A medio camino, volvió la calma, la corriente estaba tranquila nuevamente. Una inexplicable neblina rodeó a la embarcación. El marinero dejó de remar y se volvió hacia las turistas, mirándolas fijamente con su único ojo. La noche los había sorprendido a medio camino.


—¿Por qué nos paramos? ¿Por qué ha dejado de remar? —preguntó una de las chicas.

—Necesito descansar —contestó el hombre, mientras encendía un cigarrillo tomando asiento en la proa—, ¿quieren un cigarrillo?


—No, gracias —contestó una de las chicas—, el cigarro mata…


—No me haga reír, señorita, probablemente alguno o algunos de nosotros no llegaremos con vida a la otra orilla y usted preocupándose por lo peligroso del tabaco ja…


—¿Qué lo hace suponer eso? —preguntó otra.

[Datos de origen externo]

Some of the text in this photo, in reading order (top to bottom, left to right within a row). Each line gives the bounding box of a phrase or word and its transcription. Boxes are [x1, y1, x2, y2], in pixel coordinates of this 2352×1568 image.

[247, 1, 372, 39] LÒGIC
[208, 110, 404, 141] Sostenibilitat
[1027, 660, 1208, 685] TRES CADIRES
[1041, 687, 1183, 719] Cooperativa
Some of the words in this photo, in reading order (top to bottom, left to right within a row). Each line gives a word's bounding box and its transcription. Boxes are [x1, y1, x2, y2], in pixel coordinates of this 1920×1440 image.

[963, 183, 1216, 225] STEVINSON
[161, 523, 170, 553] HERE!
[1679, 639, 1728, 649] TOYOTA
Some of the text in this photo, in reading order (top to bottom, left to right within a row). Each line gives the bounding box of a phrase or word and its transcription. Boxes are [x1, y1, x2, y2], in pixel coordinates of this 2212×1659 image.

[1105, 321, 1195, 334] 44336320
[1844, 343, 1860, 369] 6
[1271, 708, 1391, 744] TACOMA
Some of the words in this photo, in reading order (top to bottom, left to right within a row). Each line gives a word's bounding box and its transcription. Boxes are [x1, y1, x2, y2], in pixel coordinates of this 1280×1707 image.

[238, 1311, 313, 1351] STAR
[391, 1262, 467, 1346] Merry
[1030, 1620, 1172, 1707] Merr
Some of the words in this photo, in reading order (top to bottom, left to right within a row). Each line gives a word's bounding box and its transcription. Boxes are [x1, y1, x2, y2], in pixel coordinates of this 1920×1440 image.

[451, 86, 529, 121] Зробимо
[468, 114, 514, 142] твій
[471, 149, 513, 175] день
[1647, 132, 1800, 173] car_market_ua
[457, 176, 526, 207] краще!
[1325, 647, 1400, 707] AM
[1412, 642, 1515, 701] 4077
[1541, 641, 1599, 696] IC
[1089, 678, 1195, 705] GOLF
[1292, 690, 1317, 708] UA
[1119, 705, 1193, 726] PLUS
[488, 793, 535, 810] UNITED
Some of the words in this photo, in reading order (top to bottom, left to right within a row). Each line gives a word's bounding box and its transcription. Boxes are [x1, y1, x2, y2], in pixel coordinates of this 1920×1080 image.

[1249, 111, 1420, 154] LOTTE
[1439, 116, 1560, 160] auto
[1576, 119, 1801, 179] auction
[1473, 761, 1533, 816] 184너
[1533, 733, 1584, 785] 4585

—Aquí me llaman Caronte —indicó el hombre mientras tiraba el cigarrillo al río—, y no quiero solo unas monedas de plata, las quiero a ustedes como pago por cruzarlas al otro lado.


El hombre se inclinó y de debajo de unas mantas sacó un enorme sable. Los rayos de la luna llena que golpeaban al hombre lo hacían ver más imponente y macabro. Las mujeres veían como el hombre se acercaba a ellas blandiendo el enorme filo. Una espesa niebla cubrió el río de orilla a orilla. Los que se encontraban cerca, escucharon varios gritos de terror y de agonía.

Un chico que estaba acostado en su hamaca escuchó los gritos agónicos. Sin pensarlo, se levantó y corrió en dirección de donde provenían aquellos alaridos mortales, llegando así a la orilla del río. La neblina le impedía ver, pero sí escuchaba que alguien remaba hacia la costa. El muchacho se escondió entre los matorrales. La neblina comenzó a difuminarse y alcanzó a observar a un esqueleto enorme que venía de pie en la proa de una embarcación. Al parecer, remos invisibles impulsaban el bote hacia la orilla, pues el chico escuchó, pero no vio a nadie remar.

La barca encalló, y el esqueleto descendió hacia tierra firme, para después dirigirse rumbo al poblado de Bethel. Mientras la parca se alejaba, esta comenzaba a dividirse en tres bultos hasta convertirse en las tres mujeres. Estas eran las tres parcas: Clothos, Láquesis y Aisa. Estas habían venido a poner fin a la existencia del bandido apodado el Caronte, este se había ganado ese sobrenombre porque asaltaba o asesinaba a los turistas en su barca. Mientras tanto, el cuerpo lacerado de aquel criminal, yacía dentro de lancha. Nunca recibió sepultura, pues todos tenían miedo de tocar su cuerpo. Uno de los pobladores empujó la barca río adentro para que la corriente se lo llevara al mar.

Varias personas han asegurado, que por las noches, han visto una barca navegando por en medio del río, pero sin capitán y sin tripulación. Otros han escuchado gritos provenientes del río mientras una espesa neblina se apodera la costa. Cuando eso sucede, los lancheros amarran sus botes y se alejan del río, pues no quieren ser presa de las tres parcas.